Sunday, January 29, 2006

Hamas demands Israel change its flag

Israeli Defense Minister Shaul Mofaz told the Israeli cabinet that Hamas seemed to be "acting responsibly". Within an hour or so of this erroneous statement, Hamas' Grand Mufti Ayatollah Sheikh Vizier al Bul Bul Emir, or whatever title he's hefting these days, Mahmoud Zahar, said,
"Israel must remove the two blue stripes from its national flag. The stripes on the flag are symbols of occupation. They signify Israel's borders stretching from the River Euphrates to the River Nile."
Well, the blue stripes on Israel's flag may mean that to him, but not to the Israelis nor to any Jew. If Grand Mufti Ayatollah Sheikh Vizier al Bul Bul Emir Mahmoud could read, which is doubtful, or could access the internet, which is even more doubtful, he might learn the following:

The Israeli flag depicts two blue stripes as are found on some tallit, or Jewish prayer shawls, with the Magen David, or Star of David, between them. Basically, the Israeli flag is a Jewish prayer shawl with the Magen David stuck on it.

The tallit, or tallis, is the Jewish prayer shawl. It is white overall with blue or black stripes towards either end. There is no "official" Jewish tallit as far as overall size or the color of the stripes are concerned except that it must be big enough to wrap around the shoulders, like a shawl, and not just around the neck like a scarf - that would be a no-no. The fringes, called tzitzit, at each corner of the tallit, however, are quite another matter as are the rules for wear and care of the tallit itself. The requirements for the tzitzit are quite strict. You may look that one up yourself. We are concerned about the blue stripes on the flag.

Let's take a brief timeout to address the Magen David. King David had no Star of David. The Magen David is relatively modern. Relative, of course, to the 5000 year history of the Jews. In fact, Jewish scholars instantly consider ancient "discoveries" which depict the Magen David to be forgeries. Some say that the Magen David depicts the shape of David's shield or perhaps the symbol on it, but there is little evidence to support this. The two interwoven triangles were a common symbol of good luck in that part of the world in ancient times and indeed still are today and depictions of images much like the Magen David are found in artifacts from many civilizations from the area.

As for the stripes on the tallit and the Israeli flag, the tallit stripes are simply Jewish tradition. The blue threads in the tzitzit (fringes, remember) are, again, quite another matter. Jewish tallit can have black stripes, gray stripes, blue stripes, gold or silver accent stripes, whatever you'd like. The tallit in reality only exists as a place to put the tzitzit. That's because the Positive Mitzvah #14 requires that a tzitzit be at all four corners of every four-cornered garmet, which most garments used to be. Take a look in your wardrobe and tell me how many four-cornered garments you own. Probably none, right? So, in modern times, in order to fulfill the Tzitzit requirement, the Jews have to have a tallit. Ultra Orthodox Jews, and some other very observant Jews, have a special poncho-like tallit that they wear under their shirts at all times so that the tzitzit are always exposed. I have never seen one but I would guess that the shirts must be specially designed also. Most Jews just wrap the tallit around their shoulders at prayer.

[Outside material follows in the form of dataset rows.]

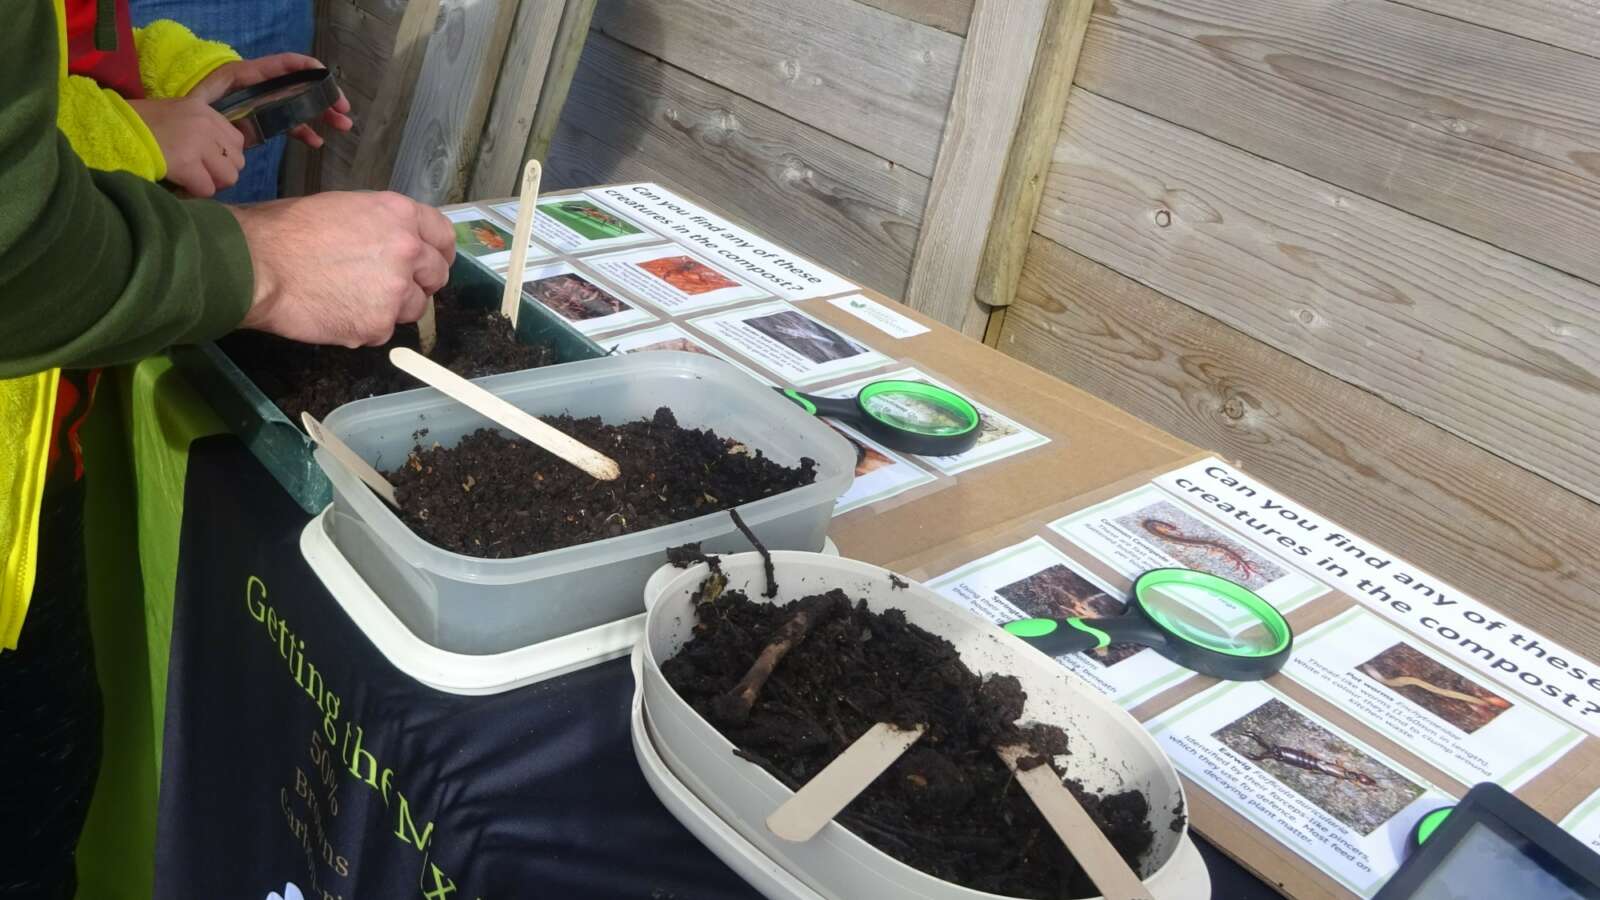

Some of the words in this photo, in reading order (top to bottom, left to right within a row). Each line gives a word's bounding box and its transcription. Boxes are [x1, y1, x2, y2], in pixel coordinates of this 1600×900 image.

[604, 189, 675, 226] creatures
[671, 224, 690, 235] in
[689, 234, 719, 250] the
[717, 249, 804, 292] compost?
[632, 186, 661, 201] Can
[656, 199, 690, 217] you
[689, 213, 726, 233] find
[720, 229, 754, 249] any
[752, 248, 779, 261] of
[772, 255, 822, 284] these
[1174, 477, 1313, 557] creatures
[1316, 556, 1349, 578] in
[1356, 578, 1413, 614] the
[1419, 615, 1600, 716] compost?
[1204, 466, 1257, 498] Can
[1259, 498, 1319, 532] you
[1324, 532, 1391, 570] find
[1393, 571, 1459, 607] any
[1463, 610, 1507, 632] of
[246, 575, 341, 746] Getting
[1293, 656, 1321, 675] White
[1360, 688, 1391, 709] worms
[1363, 682, 1395, 702] worms
[310, 730, 339, 816] 50%
[1169, 735, 1198, 756] which
[1198, 754, 1220, 770] they
[1220, 769, 1239, 783] use
[1239, 781, 1255, 793] for
[1255, 793, 1297, 823] defence.
[1301, 823, 1330, 845] Most
[1330, 843, 1356, 862] feed
[1355, 861, 1372, 873] on
[1184, 735, 1231, 767] Identified
[1230, 765, 1244, 776] by
[1243, 774, 1269, 792] their
[1269, 791, 1329, 833] forceps-like
[1203, 769, 1248, 800] decaying
[1247, 799, 1277, 819] plant
[1218, 747, 1252, 771] Earwig

The blue die (Jews say, "techailet") used in ancient times came from the blood of a very rare mediterranean snail which the Jews called a chilazon. That snail has probably long ago disappeared. The blue die from these snails was so rare even in olden days that it was as valuable as gold. The Romans forbade common people from wearing anything with blue in it. That color was reserved for royalty. So the Jews had to forsake their requirement for techailet and many substituted black, kind of like a sign of mourning, I guess. Some Jews believe that the chilazon will return come judgement day.

In any event, the blue stripes in the tallit don't mean much of anything and the same blue stripes on the Israeli flag mean just as much. That is to say, not much. Caution, don't get the tallit and the tzitzit confused. The tzitzit is of vital importance to the Jewish religion and, as I stated earlier, the rules concerning tzitzit are complex and strict.

I think that the Grand Mufti Ayatollah Sheikh Vizier al Bul Bul Emir Mahmoud Zahar has a good point. The Israelis should change their flag. They should put four stripes around the Magen David, enclosing it in a box. The stripes should all be the color crimson. That would signify that stepping on the Magen David would cause the sand to run red with the blood of the Palestinians, Iranians, Syrians, Lebanese, Hamas, Hizbollah, Fatah, Muslim Brotherhood, al Qaeda and anyone else who would like to try.